#### Task instructions
Extract all of the data and reproduce it precisely.
━━━━━ Supplied records
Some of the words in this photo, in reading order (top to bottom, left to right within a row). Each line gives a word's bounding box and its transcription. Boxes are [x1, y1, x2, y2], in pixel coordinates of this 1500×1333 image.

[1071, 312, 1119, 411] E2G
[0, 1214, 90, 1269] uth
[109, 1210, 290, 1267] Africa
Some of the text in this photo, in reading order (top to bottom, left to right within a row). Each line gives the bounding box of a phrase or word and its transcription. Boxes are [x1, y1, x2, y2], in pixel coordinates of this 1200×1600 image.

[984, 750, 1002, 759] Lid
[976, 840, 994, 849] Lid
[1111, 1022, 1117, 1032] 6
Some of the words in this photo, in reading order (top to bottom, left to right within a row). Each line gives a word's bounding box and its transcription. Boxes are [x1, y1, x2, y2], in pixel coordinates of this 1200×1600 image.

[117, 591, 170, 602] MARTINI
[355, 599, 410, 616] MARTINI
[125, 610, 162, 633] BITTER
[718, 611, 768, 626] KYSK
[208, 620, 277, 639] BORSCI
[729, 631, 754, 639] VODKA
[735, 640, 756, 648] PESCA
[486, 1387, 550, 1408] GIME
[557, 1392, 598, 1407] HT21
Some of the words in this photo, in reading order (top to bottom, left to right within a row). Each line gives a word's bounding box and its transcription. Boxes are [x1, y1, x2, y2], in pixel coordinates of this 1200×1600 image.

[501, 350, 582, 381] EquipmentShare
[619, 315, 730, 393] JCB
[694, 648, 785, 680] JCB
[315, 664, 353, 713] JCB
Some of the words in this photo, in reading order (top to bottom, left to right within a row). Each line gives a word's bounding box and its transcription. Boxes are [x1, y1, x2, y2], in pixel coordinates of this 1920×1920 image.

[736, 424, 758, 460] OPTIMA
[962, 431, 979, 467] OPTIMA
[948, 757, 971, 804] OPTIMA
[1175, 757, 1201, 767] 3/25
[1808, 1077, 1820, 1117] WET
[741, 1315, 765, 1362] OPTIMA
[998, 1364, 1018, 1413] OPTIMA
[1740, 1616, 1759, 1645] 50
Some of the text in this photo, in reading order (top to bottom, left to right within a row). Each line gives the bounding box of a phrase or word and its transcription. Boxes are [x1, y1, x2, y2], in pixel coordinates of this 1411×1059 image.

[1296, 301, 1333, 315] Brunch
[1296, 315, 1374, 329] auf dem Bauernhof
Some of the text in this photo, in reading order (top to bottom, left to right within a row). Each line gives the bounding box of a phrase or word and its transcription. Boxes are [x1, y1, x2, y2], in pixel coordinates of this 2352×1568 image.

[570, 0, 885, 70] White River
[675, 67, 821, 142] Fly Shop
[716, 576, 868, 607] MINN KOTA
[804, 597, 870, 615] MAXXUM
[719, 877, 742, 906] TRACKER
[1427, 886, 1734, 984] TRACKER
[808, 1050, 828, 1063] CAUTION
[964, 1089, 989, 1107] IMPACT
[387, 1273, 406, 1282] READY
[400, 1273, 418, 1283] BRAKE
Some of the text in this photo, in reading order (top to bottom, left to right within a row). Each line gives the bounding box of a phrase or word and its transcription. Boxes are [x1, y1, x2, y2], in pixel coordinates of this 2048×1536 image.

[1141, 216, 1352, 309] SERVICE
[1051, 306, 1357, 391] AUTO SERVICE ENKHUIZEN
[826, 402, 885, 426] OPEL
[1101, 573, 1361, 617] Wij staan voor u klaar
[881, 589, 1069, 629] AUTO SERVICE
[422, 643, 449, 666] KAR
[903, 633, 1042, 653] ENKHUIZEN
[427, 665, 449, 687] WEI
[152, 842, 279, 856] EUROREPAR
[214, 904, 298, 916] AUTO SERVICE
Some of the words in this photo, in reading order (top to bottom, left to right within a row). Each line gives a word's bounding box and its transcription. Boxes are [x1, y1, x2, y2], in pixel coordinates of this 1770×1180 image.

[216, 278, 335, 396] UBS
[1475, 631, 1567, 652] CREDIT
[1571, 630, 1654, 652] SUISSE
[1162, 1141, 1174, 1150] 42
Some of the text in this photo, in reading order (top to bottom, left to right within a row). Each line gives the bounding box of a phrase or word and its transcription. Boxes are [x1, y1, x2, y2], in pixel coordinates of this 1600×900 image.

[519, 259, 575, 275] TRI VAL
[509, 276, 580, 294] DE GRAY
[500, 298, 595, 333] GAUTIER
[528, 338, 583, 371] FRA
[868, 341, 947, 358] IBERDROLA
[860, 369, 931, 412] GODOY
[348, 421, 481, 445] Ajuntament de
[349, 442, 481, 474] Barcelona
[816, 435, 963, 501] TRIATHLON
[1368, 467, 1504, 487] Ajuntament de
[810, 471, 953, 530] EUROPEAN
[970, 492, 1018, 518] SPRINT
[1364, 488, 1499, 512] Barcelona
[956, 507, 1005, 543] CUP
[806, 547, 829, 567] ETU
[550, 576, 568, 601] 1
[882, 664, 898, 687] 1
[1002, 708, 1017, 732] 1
━━━━━━━━━━
#### Response
Some of the words in this photo, in reading order (top to bottom, left to right within a row). Each line gives a word's bounding box and its transcription. Boxes are [x1, y1, x2, y2], in pixel coordinates of this 1500×1333 image.

[1071, 312, 1119, 411] E2G
[0, 1214, 90, 1269] uth
[109, 1210, 290, 1267] Africa
Some of the text in this photo, in reading order (top to bottom, left to right within a row). Each line gives the bounding box of a phrase or word and its transcription. Boxes are [x1, y1, x2, y2], in pixel coordinates of this 1200×1600 image.

[984, 750, 1002, 759] Lid
[976, 840, 994, 849] Lid
[1111, 1022, 1117, 1032] 6
Some of the words in this photo, in reading order (top to bottom, left to right within a row). Each line gives a word's bounding box and its transcription. Boxes are [x1, y1, x2, y2], in pixel coordinates of this 1200×1600 image.

[117, 591, 170, 602] MARTINI
[355, 599, 410, 616] MARTINI
[125, 610, 162, 633] BITTER
[718, 611, 768, 626] KYSK
[208, 620, 277, 639] BORSCI
[729, 631, 754, 639] VODKA
[735, 640, 756, 648] PESCA
[486, 1387, 550, 1408] GIME
[557, 1392, 598, 1407] HT21
Some of the words in this photo, in reading order (top to bottom, left to right within a row). Each line gives a word's bounding box and its transcription. Boxes are [x1, y1, x2, y2], in pixel coordinates of this 1200×1600 image.

[501, 350, 582, 381] EquipmentShare
[619, 315, 730, 393] JCB
[694, 648, 785, 680] JCB
[315, 664, 353, 713] JCB
Some of the words in this photo, in reading order (top to bottom, left to right within a row). Each line gives a word's bounding box and its transcription. Boxes are [x1, y1, x2, y2], in pixel coordinates of this 1920×1920 image.

[736, 424, 758, 460] OPTIMA
[962, 431, 979, 467] OPTIMA
[948, 757, 971, 804] OPTIMA
[1175, 757, 1201, 767] 3/25
[1808, 1077, 1820, 1117] WET
[741, 1315, 765, 1362] OPTIMA
[998, 1364, 1018, 1413] OPTIMA
[1740, 1616, 1759, 1645] 50
Some of the text in this photo, in reading order (top to bottom, left to right within a row). Each line gives the bounding box of a phrase or word and its transcription. Boxes are [x1, y1, x2, y2], in pixel coordinates of this 1411×1059 image.

[1296, 301, 1333, 315] Brunch
[1296, 315, 1374, 329] auf dem Bauernhof
Some of the text in this photo, in reading order (top to bottom, left to right within a row). Each line gives the bounding box of a phrase or word and its transcription. Boxes are [x1, y1, x2, y2], in pixel coordinates of this 2352×1568 image.

[570, 0, 885, 70] White River
[675, 67, 821, 142] Fly Shop
[716, 576, 868, 607] MINN KOTA
[804, 597, 870, 615] MAXXUM
[719, 877, 742, 906] TRACKER
[1427, 886, 1734, 984] TRACKER
[808, 1050, 828, 1063] CAUTION
[964, 1089, 989, 1107] IMPACT
[387, 1273, 406, 1282] READY
[400, 1273, 418, 1283] BRAKE
Some of the text in this photo, in reading order (top to bottom, left to right within a row). Each line gives the bounding box of a phrase or word and its transcription. Boxes are [x1, y1, x2, y2], in pixel coordinates of this 2048×1536 image.

[1141, 216, 1352, 309] SERVICE
[1051, 306, 1357, 391] AUTO SERVICE ENKHUIZEN
[826, 402, 885, 426] OPEL
[1101, 573, 1361, 617] Wij staan voor u klaar
[881, 589, 1069, 629] AUTO SERVICE
[422, 643, 449, 666] KAR
[903, 633, 1042, 653] ENKHUIZEN
[427, 665, 449, 687] WEI
[152, 842, 279, 856] EUROREPAR
[214, 904, 298, 916] AUTO SERVICE
Some of the words in this photo, in reading order (top to bottom, left to right within a row). Each line gives a word's bounding box and its transcription. Boxes are [x1, y1, x2, y2], in pixel coordinates of this 1770×1180 image.

[216, 278, 335, 396] UBS
[1475, 631, 1567, 652] CREDIT
[1571, 630, 1654, 652] SUISSE
[1162, 1141, 1174, 1150] 42
Some of the text in this photo, in reading order (top to bottom, left to right within a row). Each line gives the bounding box of a phrase or word and its transcription. Boxes are [x1, y1, x2, y2], in pixel coordinates of this 1600×900 image.

[519, 259, 575, 275] TRI VAL
[509, 276, 580, 294] DE GRAY
[500, 298, 595, 333] GAUTIER
[528, 338, 583, 371] FRA
[868, 341, 947, 358] IBERDROLA
[860, 369, 931, 412] GODOY
[348, 421, 481, 445] Ajuntament de
[349, 442, 481, 474] Barcelona
[816, 435, 963, 501] TRIATHLON
[1368, 467, 1504, 487] Ajuntament de
[810, 471, 953, 530] EUROPEAN
[970, 492, 1018, 518] SPRINT
[1364, 488, 1499, 512] Barcelona
[956, 507, 1005, 543] CUP
[806, 547, 829, 567] ETU
[550, 576, 568, 601] 1
[882, 664, 898, 687] 1
[1002, 708, 1017, 732] 1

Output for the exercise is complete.